[Opening Listed records section]

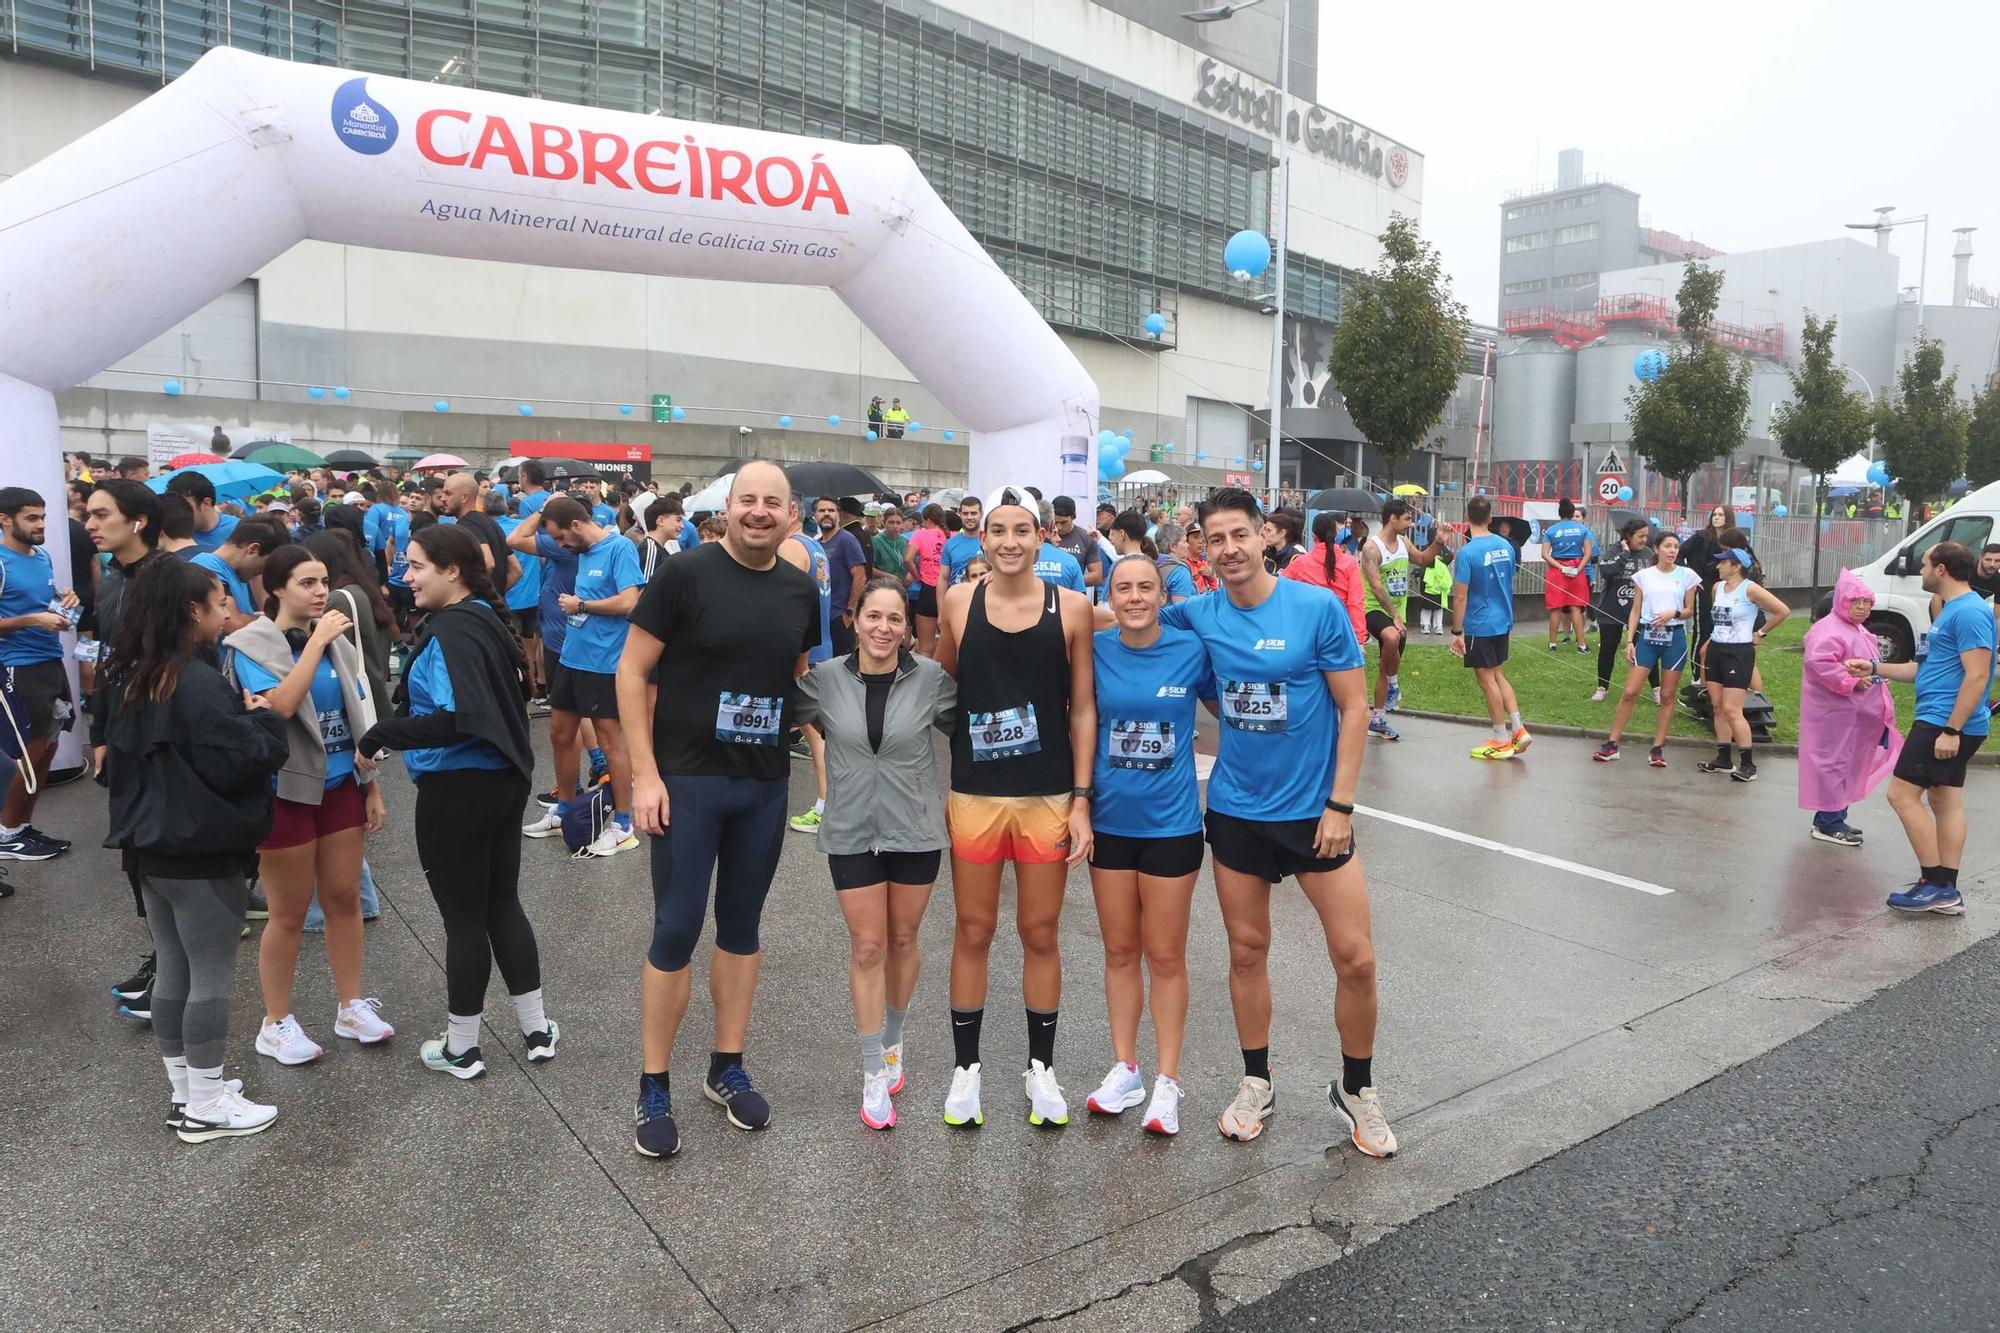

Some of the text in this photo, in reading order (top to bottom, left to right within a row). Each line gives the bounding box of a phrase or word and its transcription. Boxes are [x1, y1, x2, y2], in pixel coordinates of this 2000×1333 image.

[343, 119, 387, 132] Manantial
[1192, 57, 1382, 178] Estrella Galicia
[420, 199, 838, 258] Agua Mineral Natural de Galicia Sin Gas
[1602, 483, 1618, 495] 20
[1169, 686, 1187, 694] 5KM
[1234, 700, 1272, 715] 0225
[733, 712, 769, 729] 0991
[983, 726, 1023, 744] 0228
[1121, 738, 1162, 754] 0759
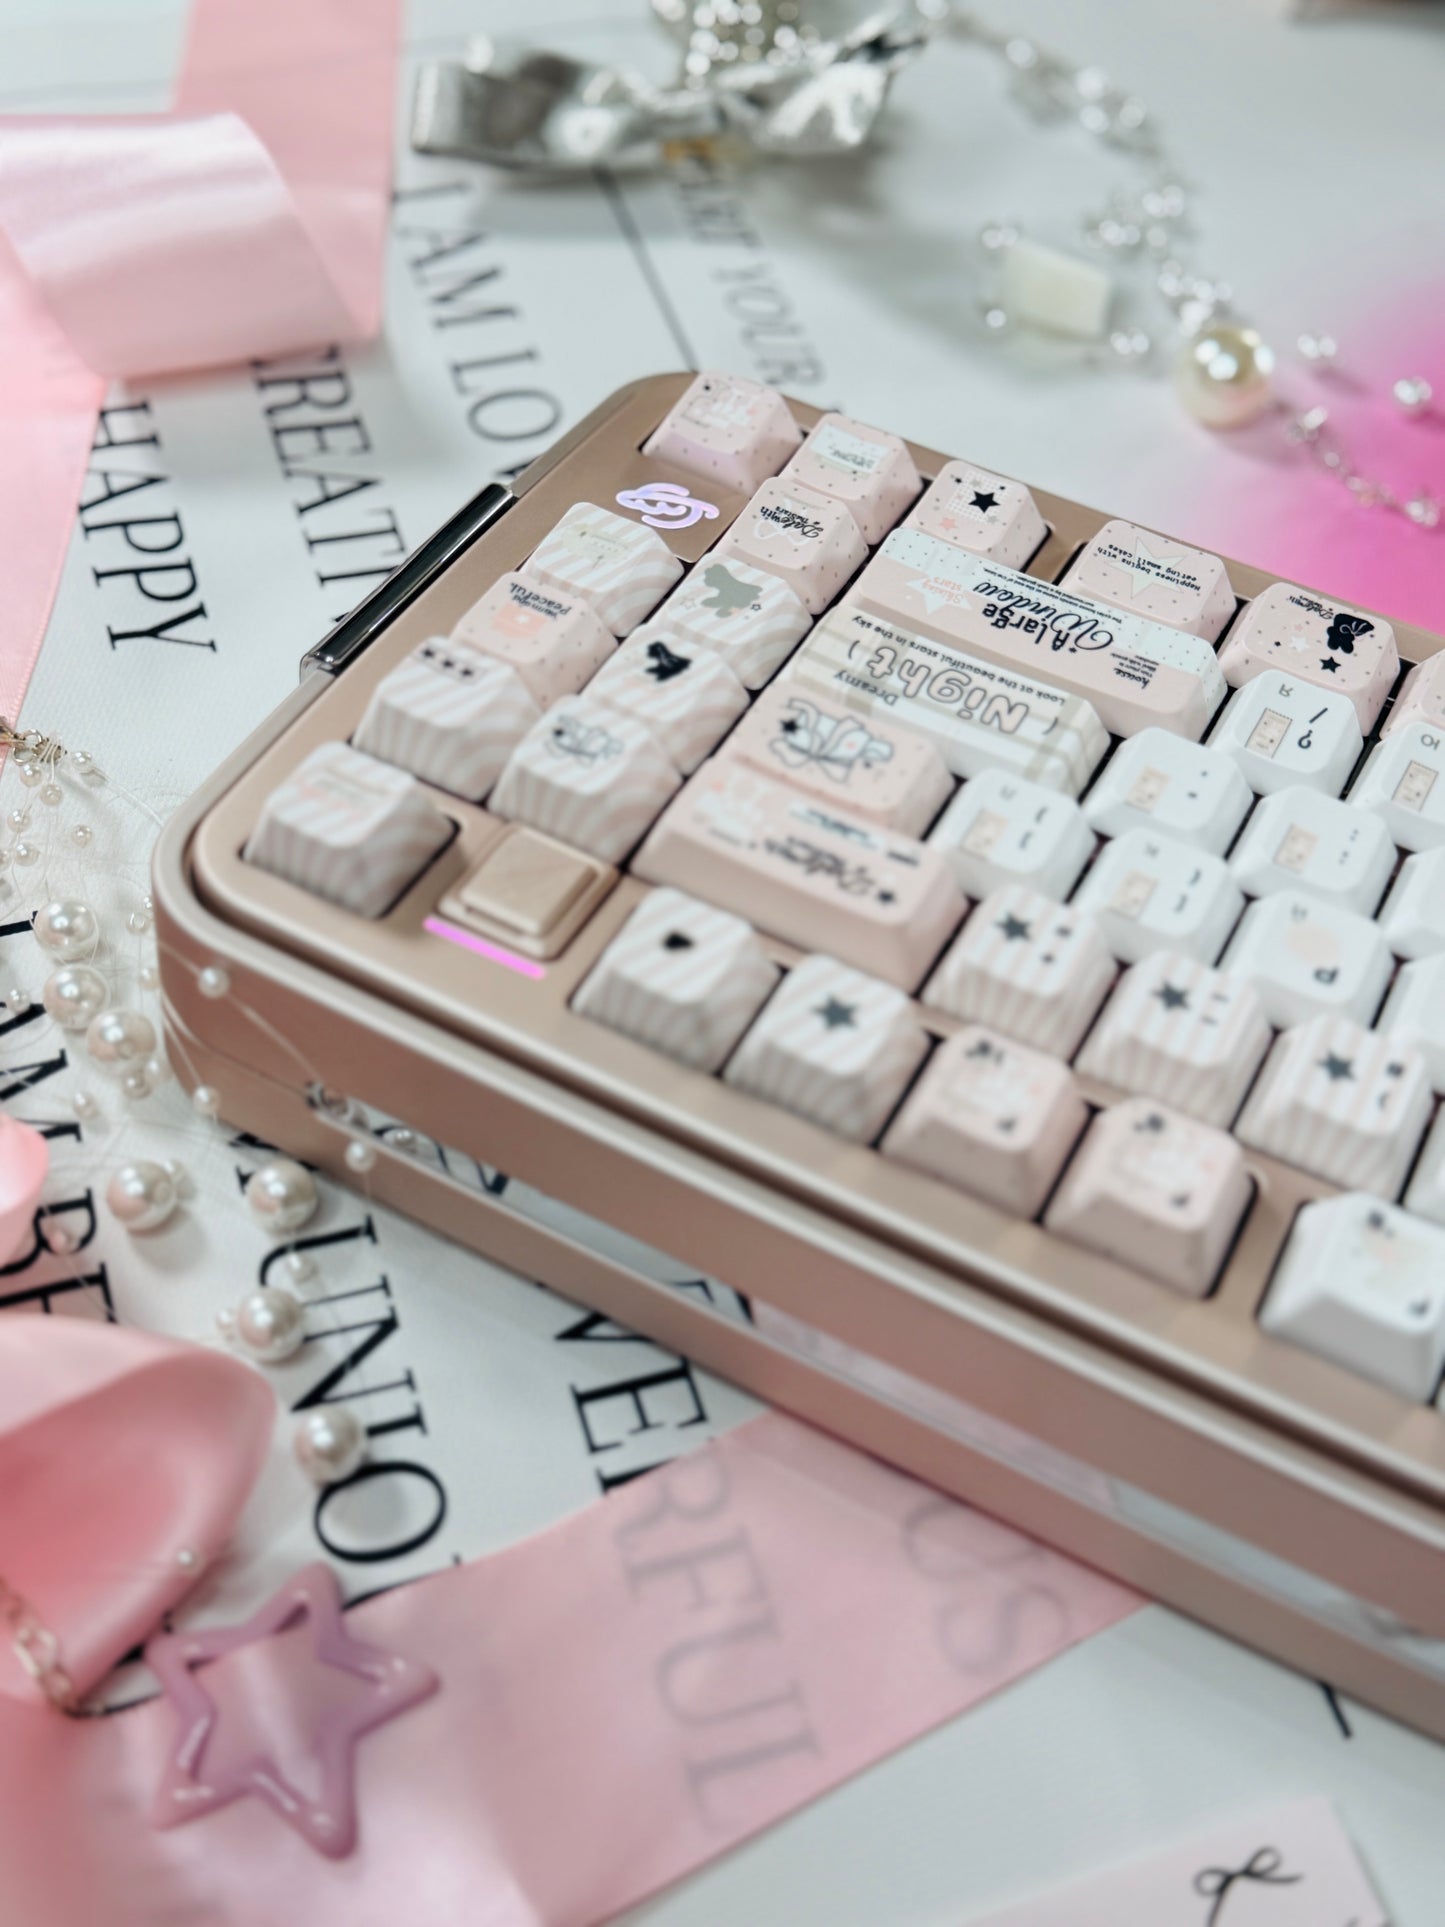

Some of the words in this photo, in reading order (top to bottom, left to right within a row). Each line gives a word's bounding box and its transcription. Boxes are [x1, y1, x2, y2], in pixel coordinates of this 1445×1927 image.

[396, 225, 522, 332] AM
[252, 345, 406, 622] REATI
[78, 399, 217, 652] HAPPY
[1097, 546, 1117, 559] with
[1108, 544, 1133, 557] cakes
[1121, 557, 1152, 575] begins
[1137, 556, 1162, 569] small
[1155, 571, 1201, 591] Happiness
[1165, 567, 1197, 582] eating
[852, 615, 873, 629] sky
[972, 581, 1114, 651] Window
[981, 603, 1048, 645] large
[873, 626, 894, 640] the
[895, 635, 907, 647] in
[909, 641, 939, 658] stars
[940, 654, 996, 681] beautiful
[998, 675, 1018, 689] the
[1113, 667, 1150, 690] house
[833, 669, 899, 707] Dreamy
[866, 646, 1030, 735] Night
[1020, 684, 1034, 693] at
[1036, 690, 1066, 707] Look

[Closing Listed records section]

• **Exercise description**:
Please retype every record above exactly, leaving out the pictures.

• **Result of the task**:
Some of the text in this photo, in reading order (top to bottom, left to right within a row). Each line gives the bounding box of a phrase or word and its transcription. Boxes are [x1, y1, x2, y2], in pixel coordinates of this 2000×1333 image.

[343, 119, 387, 132] Manantial
[1192, 57, 1382, 178] Estrella Galicia
[420, 199, 838, 258] Agua Mineral Natural de Galicia Sin Gas
[1602, 483, 1618, 495] 20
[1169, 686, 1187, 694] 5KM
[1234, 700, 1272, 715] 0225
[733, 712, 769, 729] 0991
[983, 726, 1023, 744] 0228
[1121, 738, 1162, 754] 0759

Some of the words in this photo, in reading order (top to bottom, left to right within a row). Each line gives a word's bounding box and its transcription. Boxes are [x1, y1, x2, y2], in pixel coordinates of this 1445×1927 image.

[396, 225, 522, 332] AM
[252, 345, 406, 622] REATI
[78, 399, 217, 652] HAPPY
[1097, 546, 1117, 559] with
[1108, 544, 1133, 557] cakes
[1121, 557, 1152, 575] begins
[1137, 556, 1162, 569] small
[1155, 571, 1201, 591] Happiness
[1165, 567, 1197, 582] eating
[852, 615, 873, 629] sky
[972, 581, 1114, 651] Window
[981, 603, 1048, 645] large
[873, 626, 894, 640] the
[895, 635, 907, 647] in
[909, 641, 939, 658] stars
[940, 654, 996, 681] beautiful
[998, 675, 1018, 689] the
[1113, 667, 1150, 690] house
[833, 669, 899, 707] Dreamy
[866, 646, 1030, 735] Night
[1020, 684, 1034, 693] at
[1036, 690, 1066, 707] Look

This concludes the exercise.